Firing is never fun, but sometimes common sense requires it

Updated Aug 1, 2019
Jody ShilanJody Shilan

Being fired is probably one of the five worst experiences that someone can go through. It means that you aren’t valuable to the company, frequently cause problems and/or have bad habits that are disruptive to others.

Outside the work environment, you could be a very nice person, but when it comes to your business relationships, people just don’t want to work with you.

Maybe it’s because you’re never satisfied and always complaining, or it could be that you blame everybody else for your mistakes. Then again, it could just be that nobody likes you and you cost the company more money than you are worth.

Add to this the simple fact that you create havoc whenever you call the office, never buy any extras, want discounts on every service and always pay your bills Net 90. It’s no wonder that one day you got a pink slip that said, “We thank you for your previous patronage, but as of today we will no longer be working for you.  We wish you the best of luck in your search for a new landscaping company.”

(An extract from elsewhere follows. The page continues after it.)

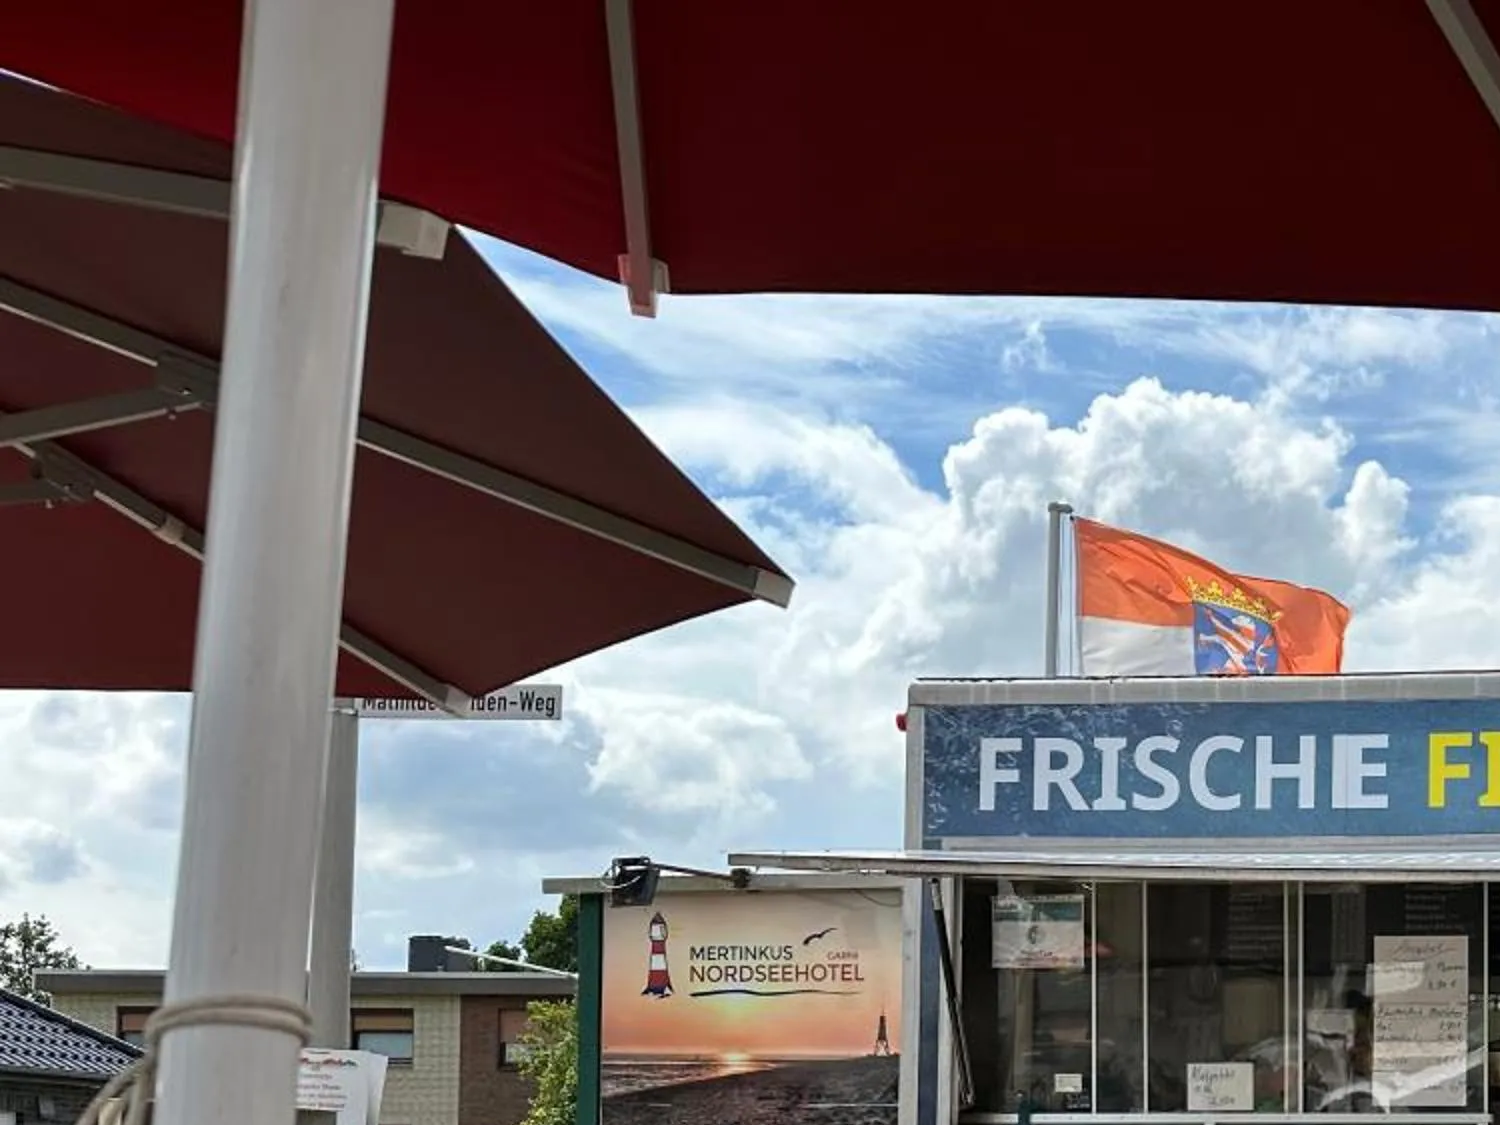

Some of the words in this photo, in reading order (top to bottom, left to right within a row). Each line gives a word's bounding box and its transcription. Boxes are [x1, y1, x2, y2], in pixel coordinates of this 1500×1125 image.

[977, 732, 1390, 813] FRISCHE
[689, 944, 794, 962] MERTINKUS
[689, 963, 865, 983] NORDSEEHOTEL

That’s right, I’m not talking about letting one of your employees go. I’m talking about firing a customer.

Believe it or not, firing a bad customer is as important to the success of your business as is firing bad employees. If you’ve never heard of this practice and would like to learn why it’s so important for the health of your business, please keep reading.

Customers still rule, within reason

In the early 1900s, the expression “the customer is always right” became popularized by pioneering and successful retailers such as Harry Gordon Selfridge, John Wanamaker and Marshall Field. The goal of this slogan was to instill in employees that customer satisfaction was the No. 1 priority – the theory being that a satisfied customer who had a great experience would return, again and again, to make future purchases.

In addition, a satisfied customer would tell their friends and family about their experience, bringing in even more business.

When you think about it, it makes perfect sense and in theory made it easier for an employee to service a customer properly. Customer complaints were to be treated seriously, so that they should never feel cheated or dissatisfied. No matter what a customer asked for, the employee had an obligation to satisfy that request. No arguments, no negotiations and therefore, no complaints.

However, as time went on and people became more and more demanding, satisfying them not only became difficult but downright impossible. Customers pushed the limits of customer service by making outrageous requests, knowing that company employees had to comply. If they did not, they risked being fired.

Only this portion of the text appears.